You eat lots of fresh, whole foods. (Fair warning: You’ll also do a lot of shopping and cooking but that’s what it takes to eat lots of fresh whole foods.)
You’ll be eating about 1600 calories a day, which should allow most people to lose 1-2 pounds a week. And you’ll be cutting calories by limiting your intake of refined carbohydrates instead of reducing fat, which should make the whole thing less painful. In fact, that’s the approach I usually recommend.
In fact, for all the talk of “rewriting the rules on weight loss,” it doesn’t seem to me there’s anything terribly new about the underlying principle here. It’s essentially the same argument that Gary Taubes made in Good Calories Bad Calories back in 2008: Excess calories don’t make you fat, excess insulin makes you fat. Or in Ludwig’s words: Overeating doesn’t make you fat, getting fat makes you overeat.
The effect of insulin on fat storage, appetite, and weight is a valid and important insight. But, as I discussed most recently here, I don’t believe it’s the whole story.
Although Ludwig claims that his program will “retrain your fat cells” I think your success with his program will depend even more on the degree to which you can retrain your brain to new eating habits.
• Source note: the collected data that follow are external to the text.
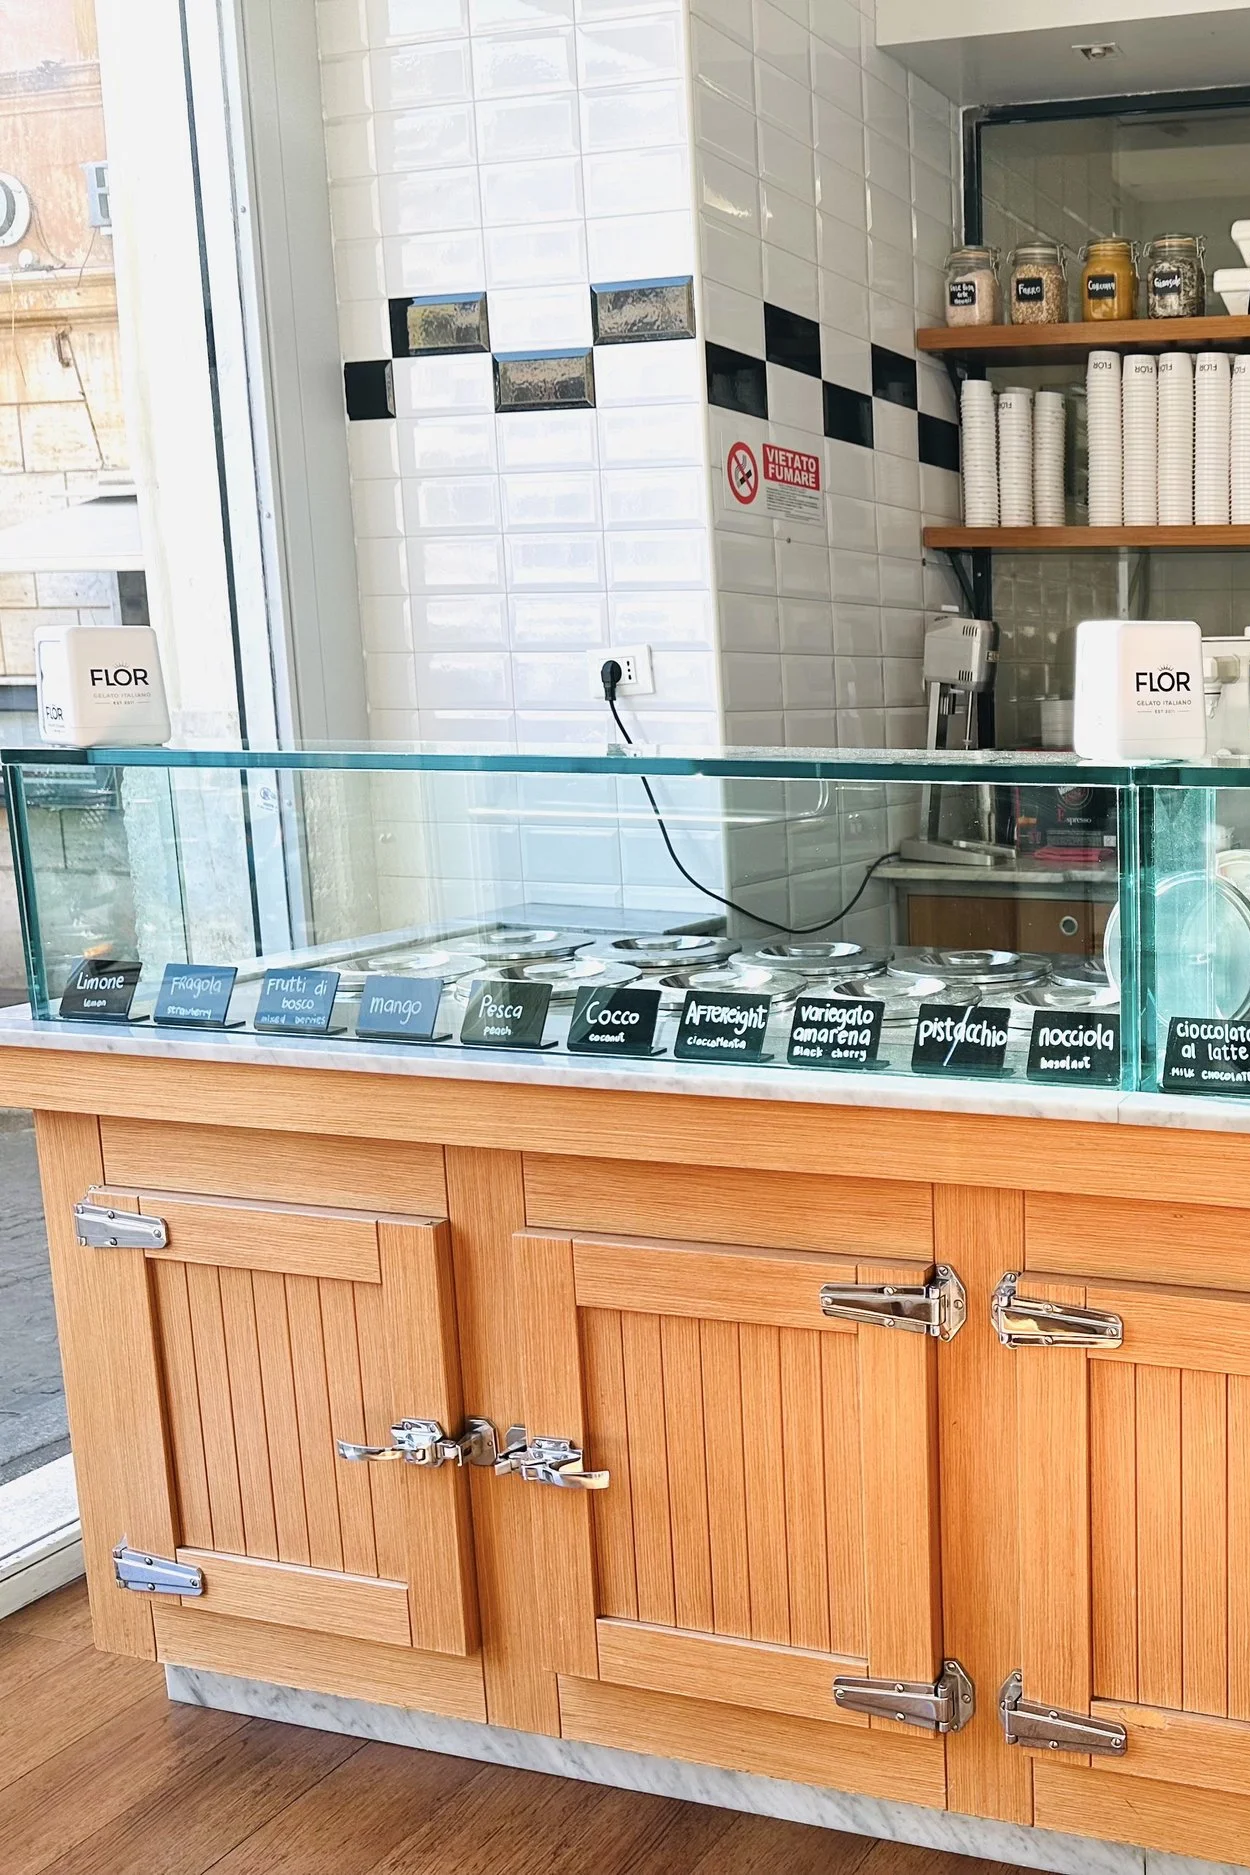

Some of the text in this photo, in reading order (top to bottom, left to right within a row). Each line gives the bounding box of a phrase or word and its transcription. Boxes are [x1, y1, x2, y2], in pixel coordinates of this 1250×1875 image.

[766, 447, 816, 473] VIETATO
[768, 464, 816, 488] FUMARE
[90, 668, 150, 686] FLOR
[1136, 671, 1191, 692] FLOR
[76, 972, 125, 990] Limone
[267, 976, 328, 996] Frutti di
[83, 998, 107, 1007] lemon
[167, 1005, 211, 1018] strawberry
[281, 997, 315, 1010] bosco
[479, 994, 523, 1020] Pesca
[261, 1015, 326, 1025] mixed berries
[586, 1001, 640, 1026] Cocco
[484, 1026, 511, 1036] peach
[589, 1032, 625, 1043] coconut
[793, 1026, 871, 1046] amarena
[919, 1017, 1007, 1047] pistacchio
[1038, 1024, 1114, 1050] nocciola
[831, 1048, 867, 1062] cherry
[1181, 1044, 1249, 1061] al latte
[1171, 1067, 1195, 1078] MILK
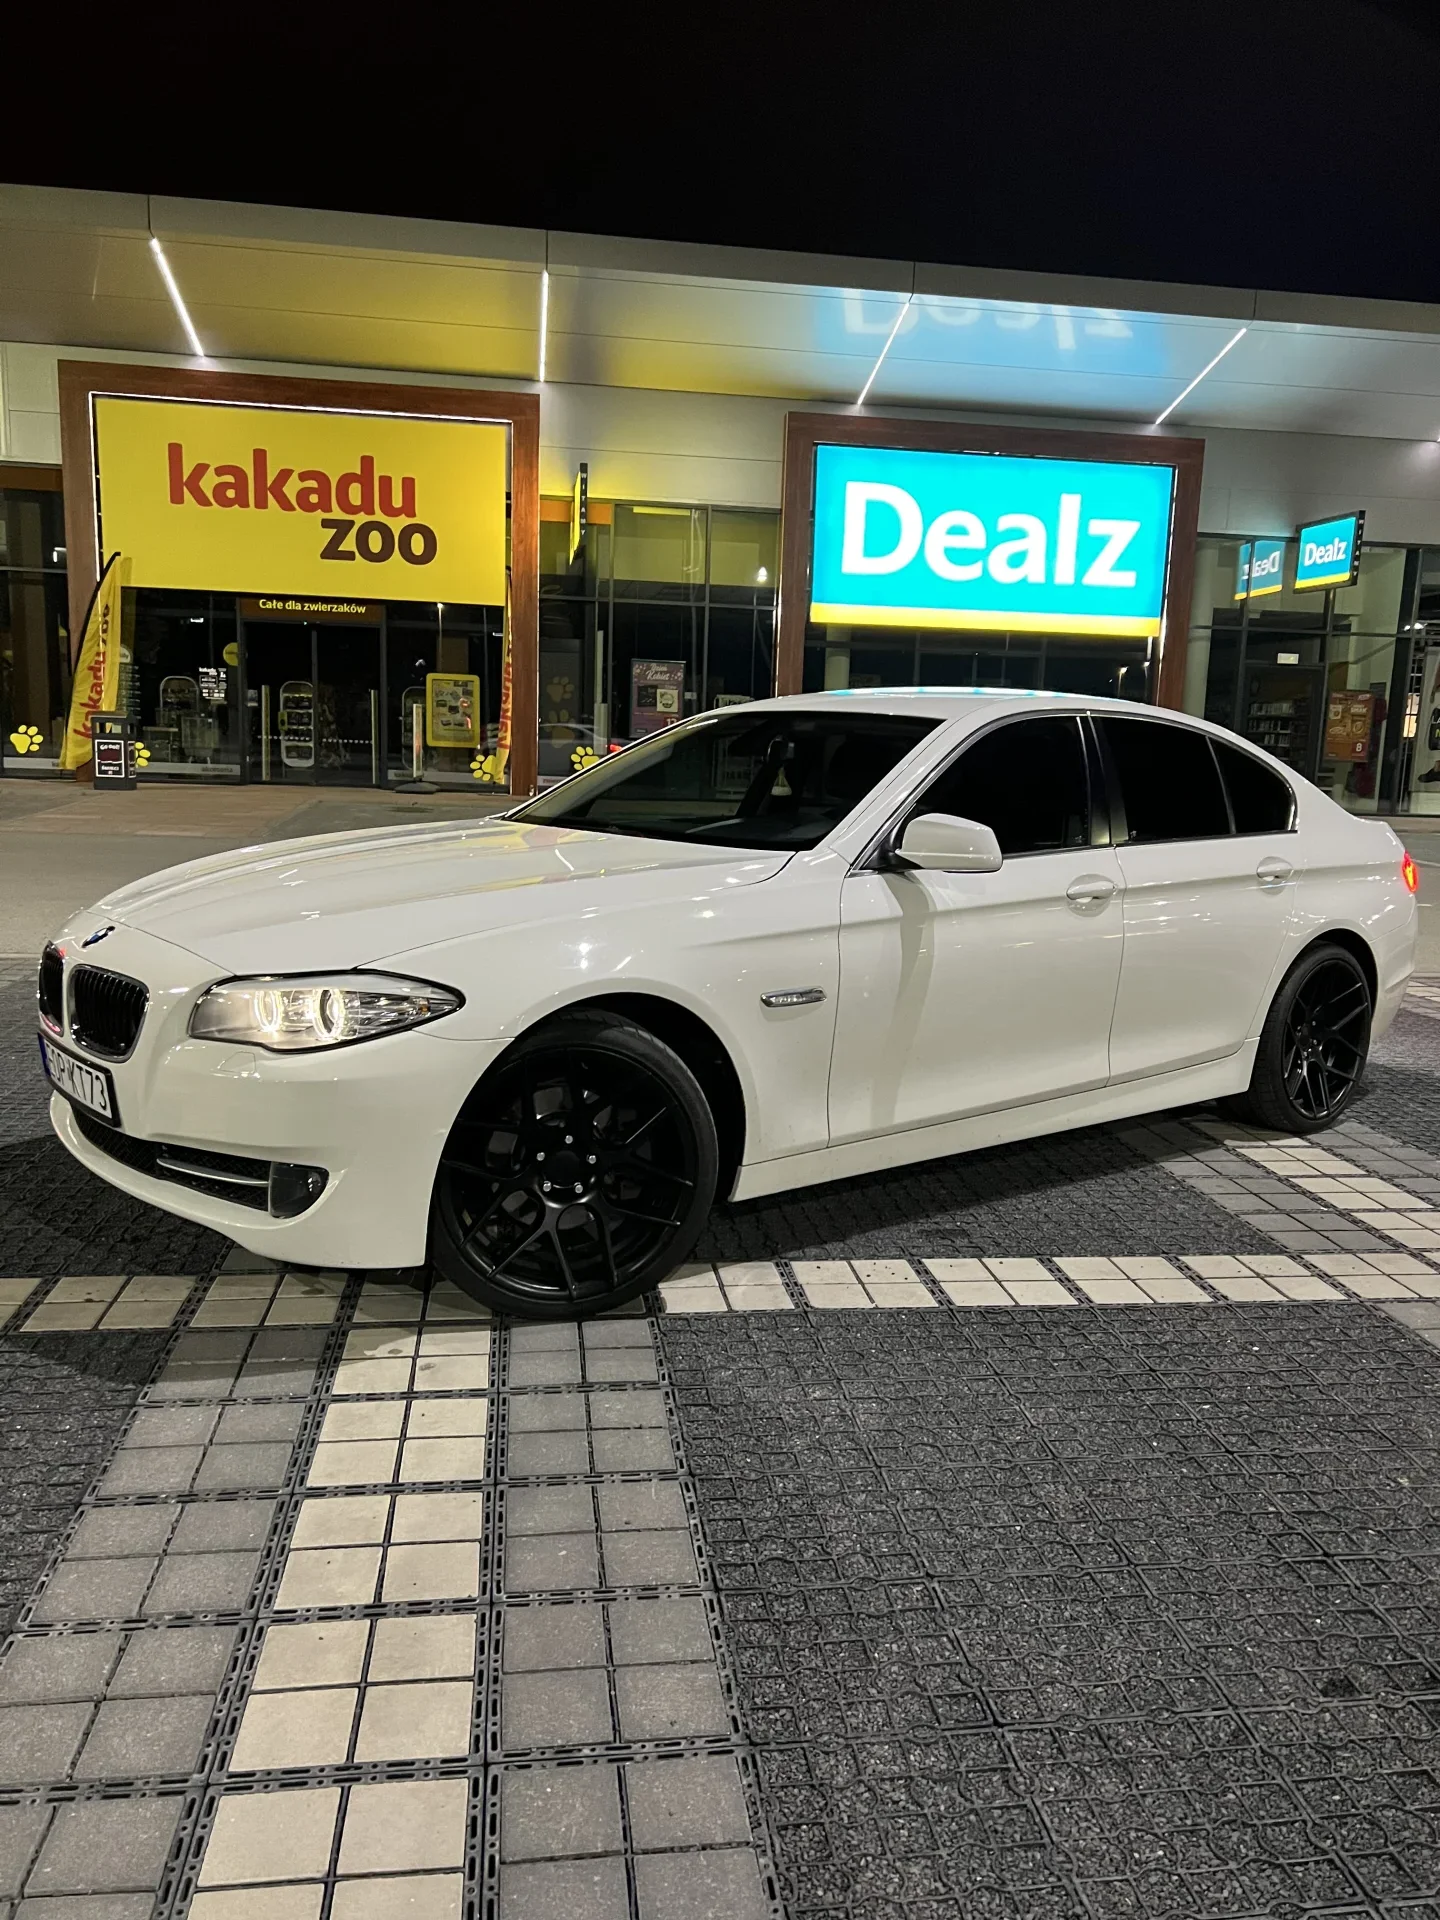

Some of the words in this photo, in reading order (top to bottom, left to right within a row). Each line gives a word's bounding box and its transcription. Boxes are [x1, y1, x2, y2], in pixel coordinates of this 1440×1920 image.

Fortunately, most of the book is devoted to the behavioral program: preparing your environment, learning to eat more mindfully, reducing stress, and improving sleep, along with recipes, meal plans, shopping lists, and tracking sheets to help you develop new habits.
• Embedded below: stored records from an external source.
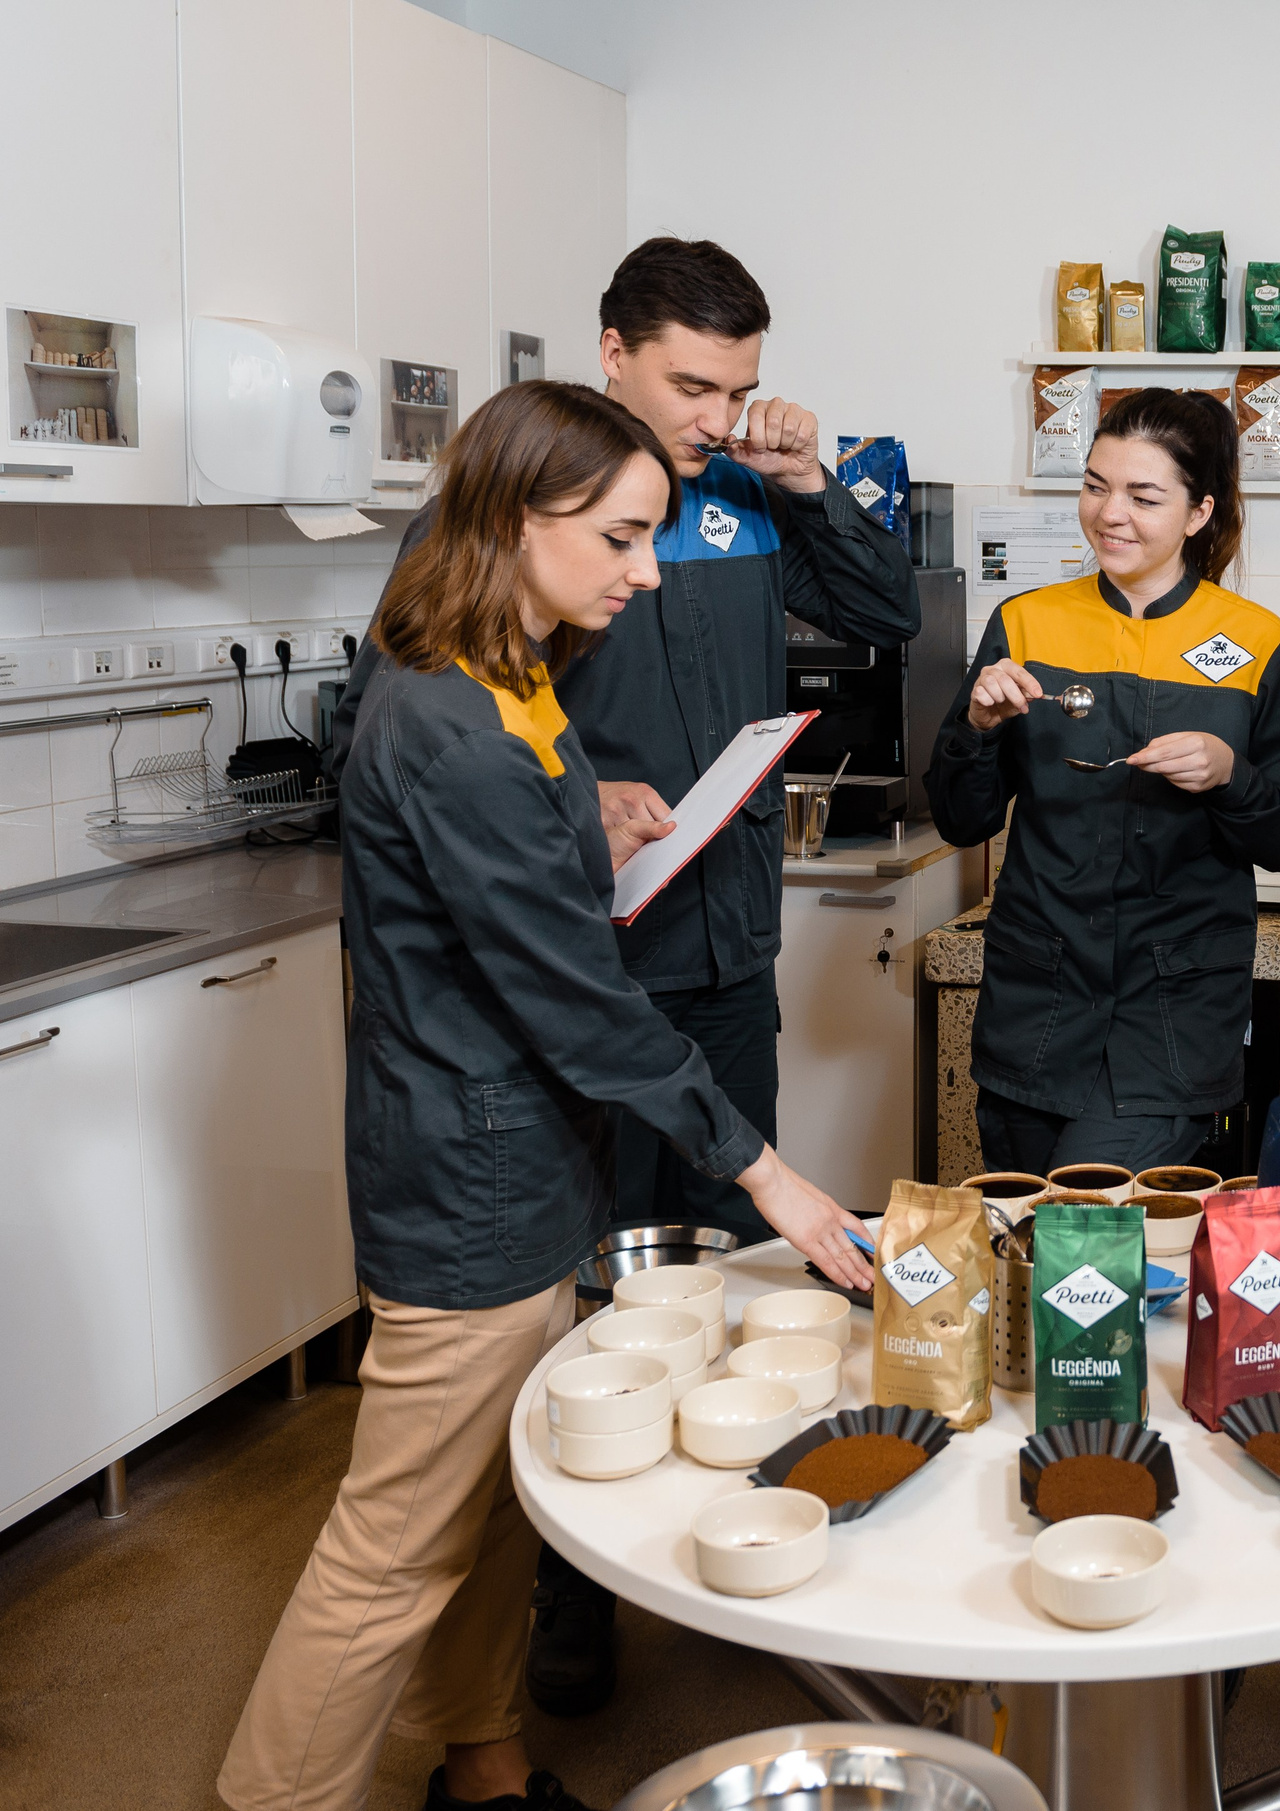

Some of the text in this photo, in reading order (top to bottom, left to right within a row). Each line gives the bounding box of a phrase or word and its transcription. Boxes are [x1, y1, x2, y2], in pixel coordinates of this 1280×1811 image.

[1166, 277, 1210, 287] PRESIDENTTI
[1045, 388, 1075, 397] Poetti
[1248, 394, 1280, 404] Poetti
[1247, 435, 1280, 443] MOKKA
[850, 488, 880, 498] Poetti
[703, 520, 735, 538] Poetti
[1194, 653, 1242, 666] Poetti
[890, 1263, 942, 1284] Poetti
[1056, 1286, 1115, 1305] Poetti
[1257, 1362, 1275, 1371] RUBY
As for the promise that you will never be hungry and will quickly lose all desire for sweets and baked goods, I’d take that with a grain of salt. I think you’ll probably be less hungry on this plan than one with the same number of calories but lower in fat and higher in sugar. But I don’t think that this plan inoculates you against over-eating.
And, apparently, neither does Ludwig. Although he stresses that no calorie counting or portion control is necessary, I can’t help but notice that the meal plans include precise portions: 1 tablespoon of salad dressing, 2 tablespoons of shredded cheese or sour cream, 5 tablespoons of guacamole, and so on. If you stick to the plan, you’ll enjoy lots of high-fat foods. But this is not a free-for-all. Long term success will require long term mindfulness and restraint.
Ludwig offers his own personal experience as a testimonial along with the results of a “pilot study,” in which a couple hundred of his patients followed the program, lost weight, felt great, and had generally positive outcomes. I don’t doubt it! And to the extent that they (or you) can translate this program into a sustainable lifestyle change, I think it’s a great way to eat–and be–healthy.